South Korea ferry disaster: Rapid direction change, route deviation may be cause
Published on Apr 17, 2014 10:18 AM
SEOUL (THE KOREA HERALD/ASIA NEWS NETWORK) - The sunken South Korea ferry "Sewol" deviated from the Ministry of Oceans and Fisheries-recommended route, the Coast Guard said on Thursday.
In addition, speculation has risen that steering too sharply was the cause of the accident.
According to reports, the Coast Guard investigators suspect that the ship changed directly too quickly, causing cargo to come loose and push the vessel off balance.
The site of the accident is said to be near the point where ships on the Incheon-Jejudo route change directions.

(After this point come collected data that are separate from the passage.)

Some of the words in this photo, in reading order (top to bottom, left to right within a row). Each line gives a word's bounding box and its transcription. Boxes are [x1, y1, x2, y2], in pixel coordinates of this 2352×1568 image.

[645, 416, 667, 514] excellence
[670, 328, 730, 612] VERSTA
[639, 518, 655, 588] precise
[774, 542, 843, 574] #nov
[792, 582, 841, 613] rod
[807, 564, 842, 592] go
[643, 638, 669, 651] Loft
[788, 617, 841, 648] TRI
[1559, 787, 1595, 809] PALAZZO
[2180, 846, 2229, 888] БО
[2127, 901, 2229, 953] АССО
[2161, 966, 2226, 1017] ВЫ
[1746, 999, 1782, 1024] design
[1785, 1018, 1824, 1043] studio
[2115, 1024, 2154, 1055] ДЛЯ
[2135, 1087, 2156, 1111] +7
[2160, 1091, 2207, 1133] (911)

Nearly 300 people, many of them high school students, are missing and feared dead after the ferry sank just a few hours from its destination, sparking a massive search and leaving the country in shock.

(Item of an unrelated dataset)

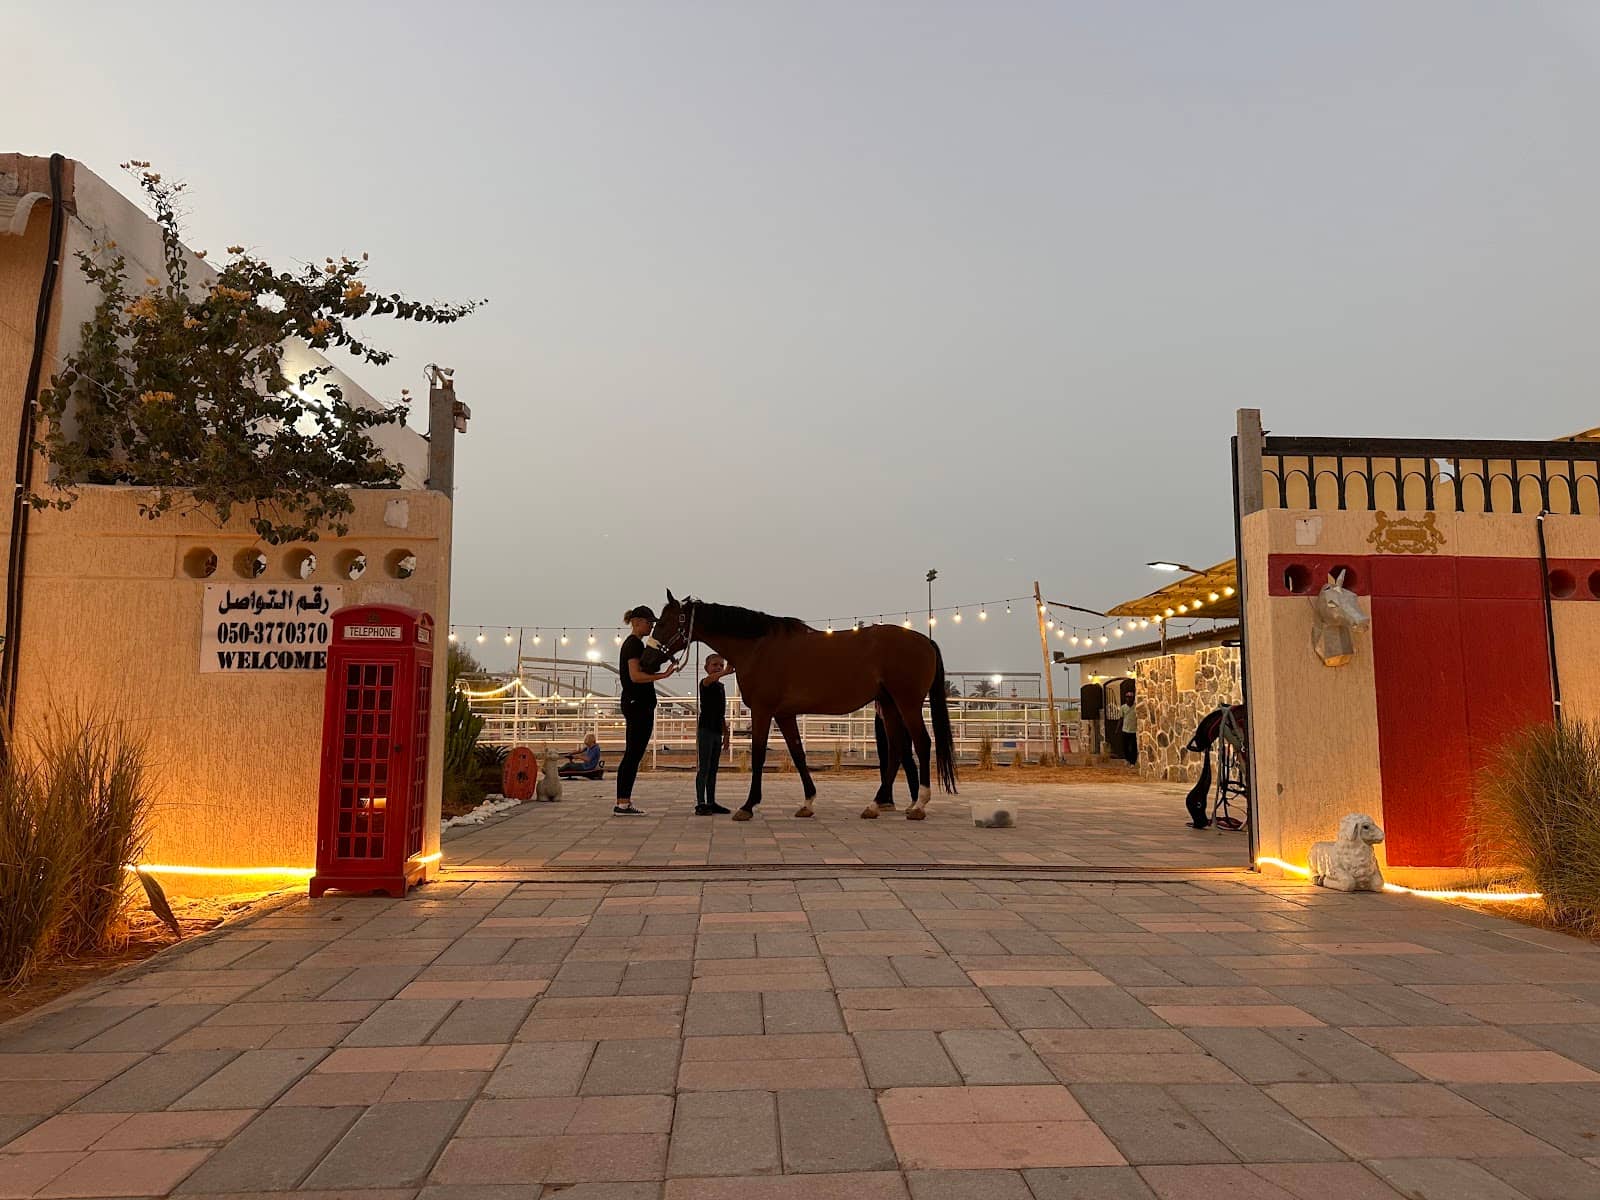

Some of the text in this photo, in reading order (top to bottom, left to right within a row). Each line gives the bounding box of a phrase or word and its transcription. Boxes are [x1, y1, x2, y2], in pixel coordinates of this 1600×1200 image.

The Sewol, carrying 459 passengers, left Incheon port on Tuesday night for the resort island of Jeju, a journey that takes 12 to 14 hours.
Based on the accounts provided by crew members, the investigators suspect that the Sewol sharply changed direction when a more gradual change was required.
The ship was carrying 180 vehicles and 1,157 metric tons of cargo.
As the ship lost balance, its steering equipment is thought to have malfunctioned.
With new evidence emerging, the authorities now suspect that the loud bang survivors reportedly heard just before the ferry began sinking was made by cargo that had come loose.
Accounts from survivors had led to speculation that the Sewol may have hit a reef when it sent out an emergency signal at 8.55am on Wednesday.